Our big opening number (“Humid”) will depict Larry’s struggle writing the first line of his new book. What was the night like? Hot! And humid! Wet! And Hot! Dry! But Raining! Foggy! Or Not! As the song progresses, we’ll add voices and before long the full company will have joined in, symbolizing his obsession and his descent into madness. Picture Sondheim, with a touch of Rodgers, a dash of Webber, and a soupçon of Ebb.

Next we’ll meet Lester, Larry’s black best friend who often borrows clothes from Larry but hasn’t noticed yet that Larry is divorced. This scene will set up Larry’s big I Wish number (“Slut!”), contrasting Larry’s yearning to be free of the specter of his ex-wife’s plagiarism with Lester’s obliviousness and need for a green shirt.

Larry meets Owen while teaching a class full of terrible writers. Owen gets his own I Wish number (“Clumsy Poop”) here, but we’ll give it a twist. While Owen’s singing about how he dreams of being free from Momma’s tyranny, she magically pops into the scene, piling abuse on him for being a lard-ass who has no friends and brings her unsalted nuts that make her choke. And at the end, Momma can knock both Owen and Larry out with one swing of a frying pan!

Incidentally, Larry’s class is going to be a gold mine for killer songs. Take the woman who specifies over and over that the good guys foiled the bad guys again—make that the chorus and it’ll be the biggest earworm you’ve ever heard. Or “100 Girls I’d Like to Pork”—that’s begging to be a pop hit like “50 Ways to Leave Your Lover” but bigger, because there are twice as many women and it has way more sex. We’ll sprinkle these throughout the show to give the audience some breathing room and give the leads time for costume changes, water breaks, fingering, and blow.

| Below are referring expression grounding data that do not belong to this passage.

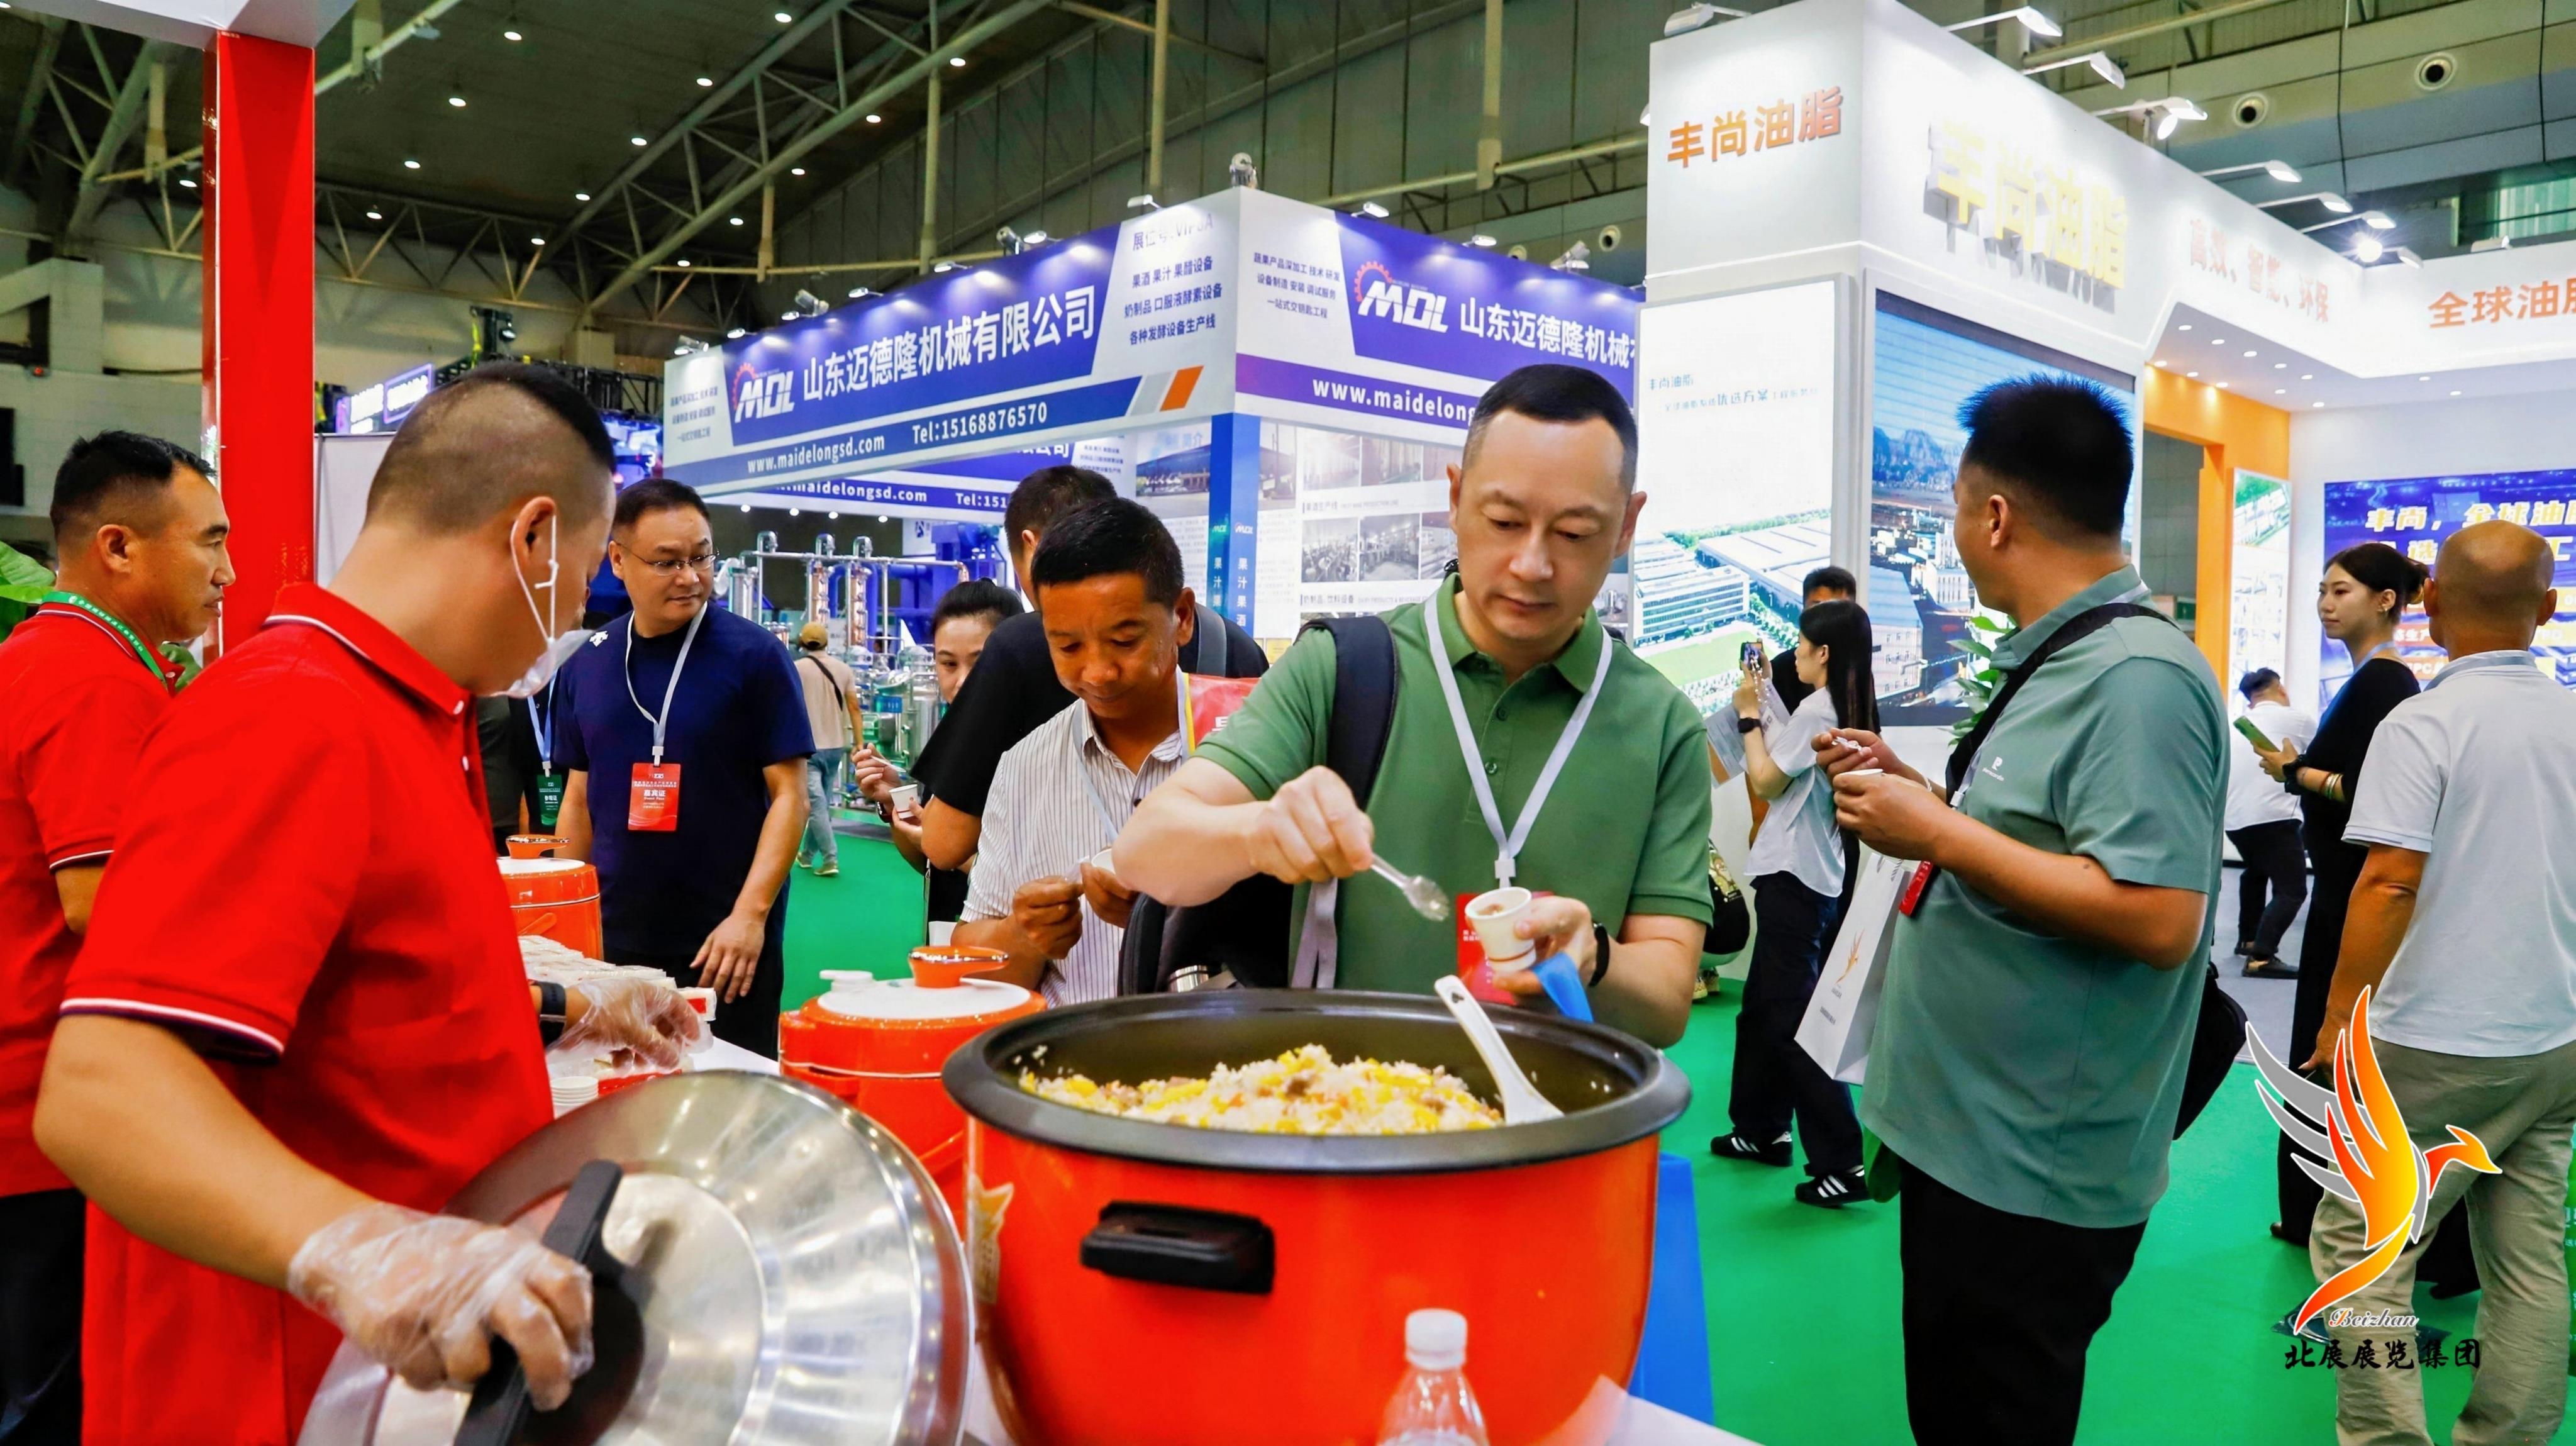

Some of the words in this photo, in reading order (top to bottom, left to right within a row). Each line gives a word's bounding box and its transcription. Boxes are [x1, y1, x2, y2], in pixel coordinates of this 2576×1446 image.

[1667, 86, 1843, 168] 丰尚油脂
[1931, 118, 2128, 289] 丰尚油脂
[1132, 272, 1150, 289] 果酒
[1153, 266, 1172, 284] 果汁
[1174, 255, 1213, 278] 果醋设备
[1257, 273, 1288, 289] 设备制造
[1290, 281, 1304, 293] 安装
[1124, 299, 1152, 318] 奶制品
[1154, 282, 1223, 311] 口服液酵素设备
[1358, 279, 1448, 333] MDL
[802, 285, 1095, 401] 山东迈德隆机械有限公司
[1130, 313, 1216, 345] 各种发酵设备生产线
[1460, 297, 1636, 369] 山东迈德隆机械
[734, 370, 796, 423] MDL
[912, 402, 1048, 445] Tel:15168876570
[747, 435, 886, 474] www.maidelongsd.com

After seeing a Hitchcock film, Owen devises his plan to swap murders, and you already know the one song that can possibly convey all the intrigue of this moment: “Cha-Cha Slide” by DJ Casper. You know the one. “Sli-i-i-ide to the left… Sli-i-i-ide to the right… Criss Cross! (I kill your wife!) Criss cross! (You kill my momma!)” Big dance number, full ensemble, curtain down, intermission, audience has something to hum while they’re taking a piss.

These days, we recognize that Larry and Owen’s all-consuming hatred for the women they blame for their problems is textbook toxic masculinity, but my plan for Momma will satisfy even the most socially just social justice warrior. We’ll cast a 22-year-old ingenue who can belt an F above high C and put her in old-age makeup, but in the first scene after intermission (“Momma Loves Owen”), she wipes it all off and exposes her breasts so we can see the strong woman Momma sees herself as, rather than the demon Owen makes her out to be.

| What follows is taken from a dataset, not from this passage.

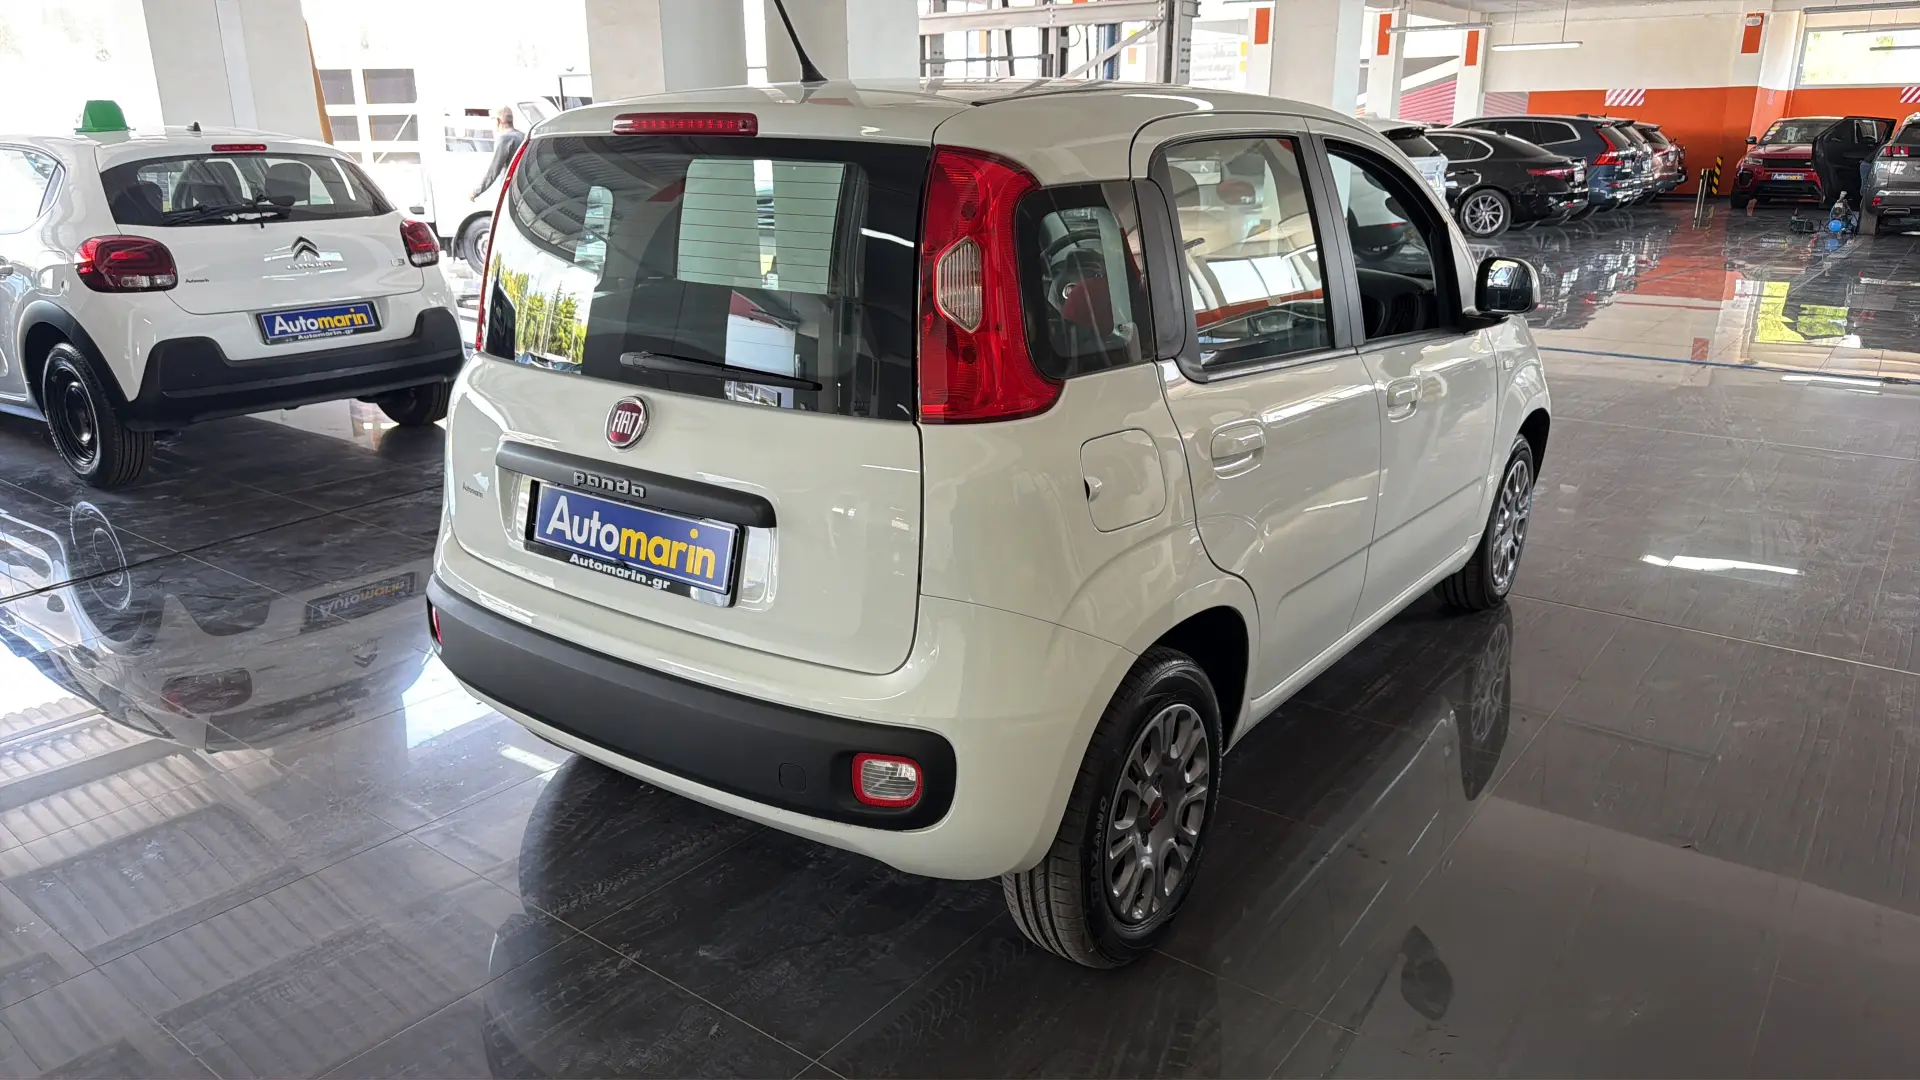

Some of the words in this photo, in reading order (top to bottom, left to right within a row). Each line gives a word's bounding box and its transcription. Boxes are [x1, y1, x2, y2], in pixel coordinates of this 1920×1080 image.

Of course, Owen’s not really a monster either, which we can demonstrate in the tender scene where he shows Larry his coin collection. They’ll bond over a gentle ballad (“My Coin Collection”), where Owen sings about polishing his penny and bonding with his daddy and rubbing Washington’s head for luck.

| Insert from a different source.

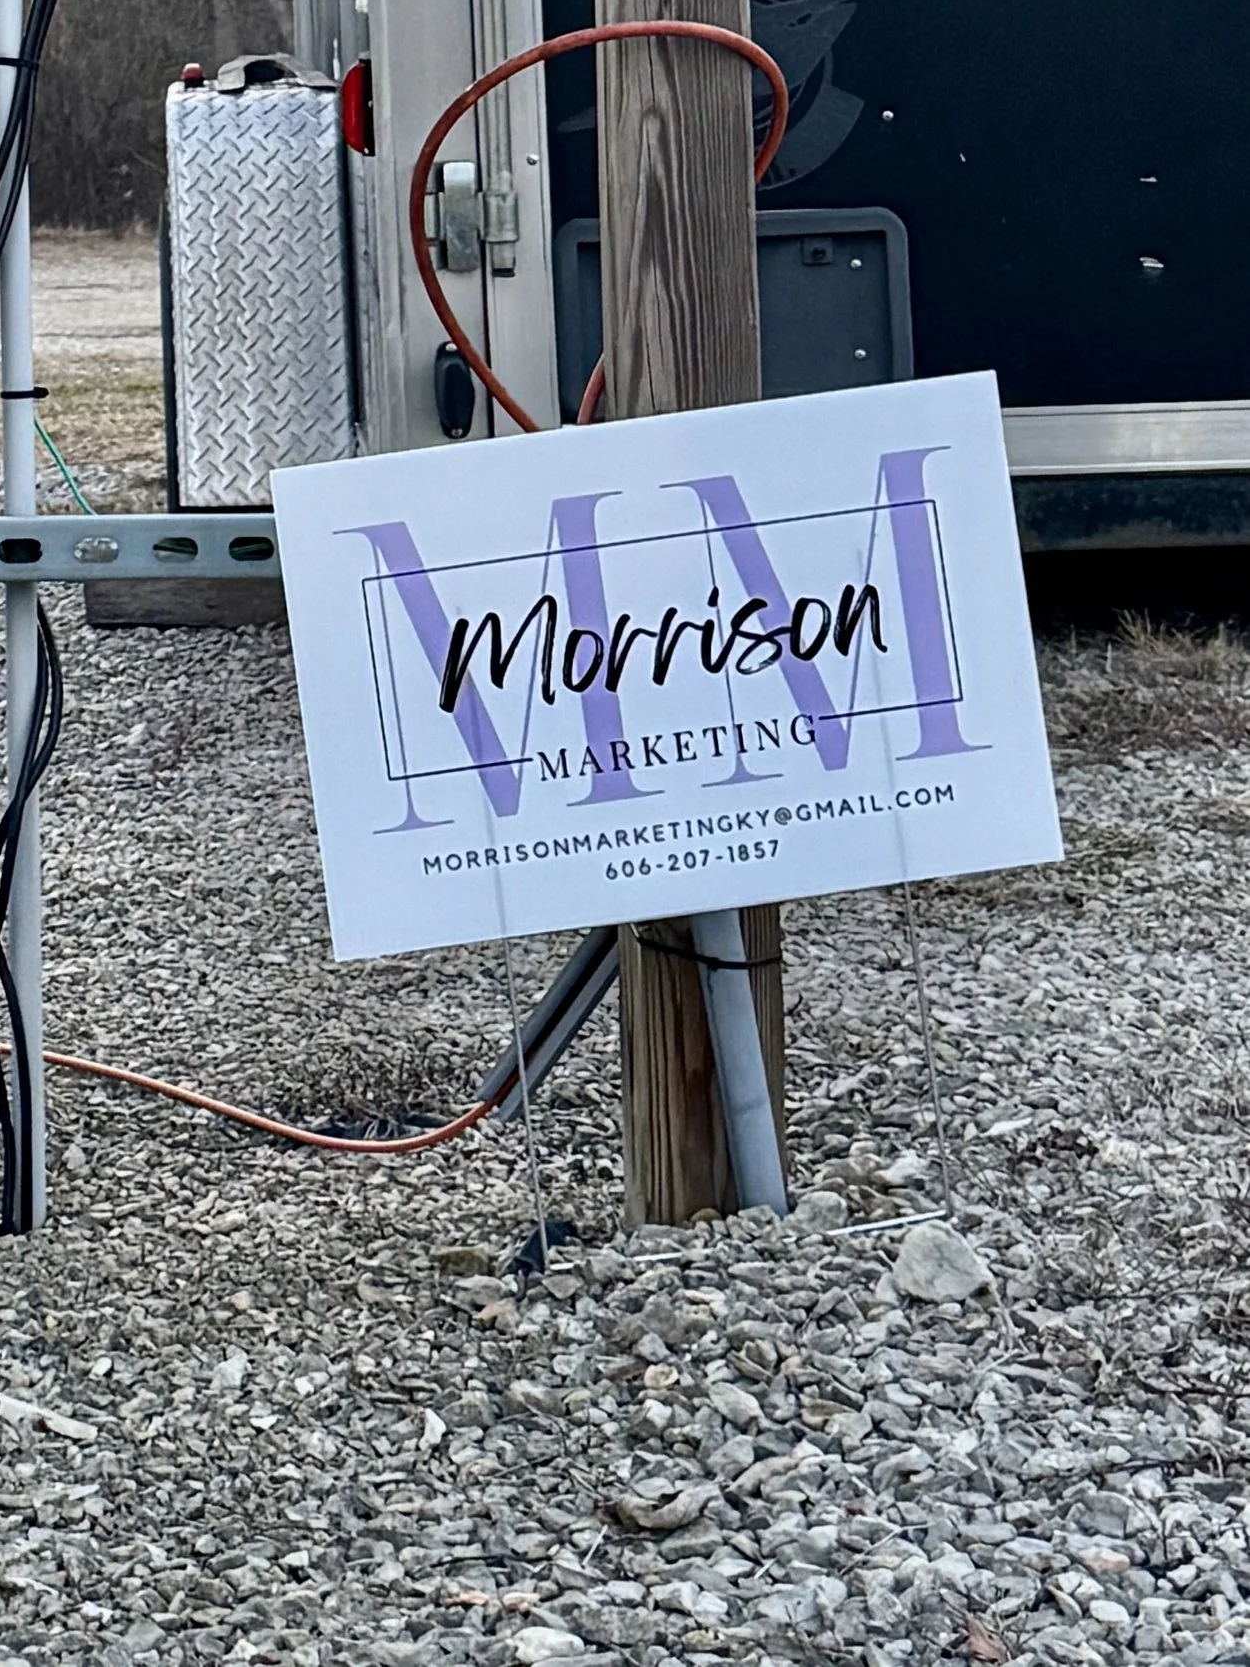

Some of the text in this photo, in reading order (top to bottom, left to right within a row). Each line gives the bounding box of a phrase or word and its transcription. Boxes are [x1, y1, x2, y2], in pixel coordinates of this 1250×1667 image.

We don’t want to descend into schmaltz, though, so we’ll juxtapose Owen’s song with a scene where Larry’s ex-wife calls her agent while having sex with her gardener in Hawaii. She’ll join Owen in a distant duet using all the same phrases Owen uses to describe his coins, only she’s using them to describe the things she wants her gardener (or maybe her agent) to do to her.

In the climactic scene, everyone’s on a train, Momma thinks Larry’s trying to kill her, and she runs through a bingo game to try to escape (“He’s Trying to Kill Me!”). Obviously, the bingo game is another dance number—a bingo ballet, if you will, that seamlessly blends ballroom, tap, swing, jazz, and krumping techniques.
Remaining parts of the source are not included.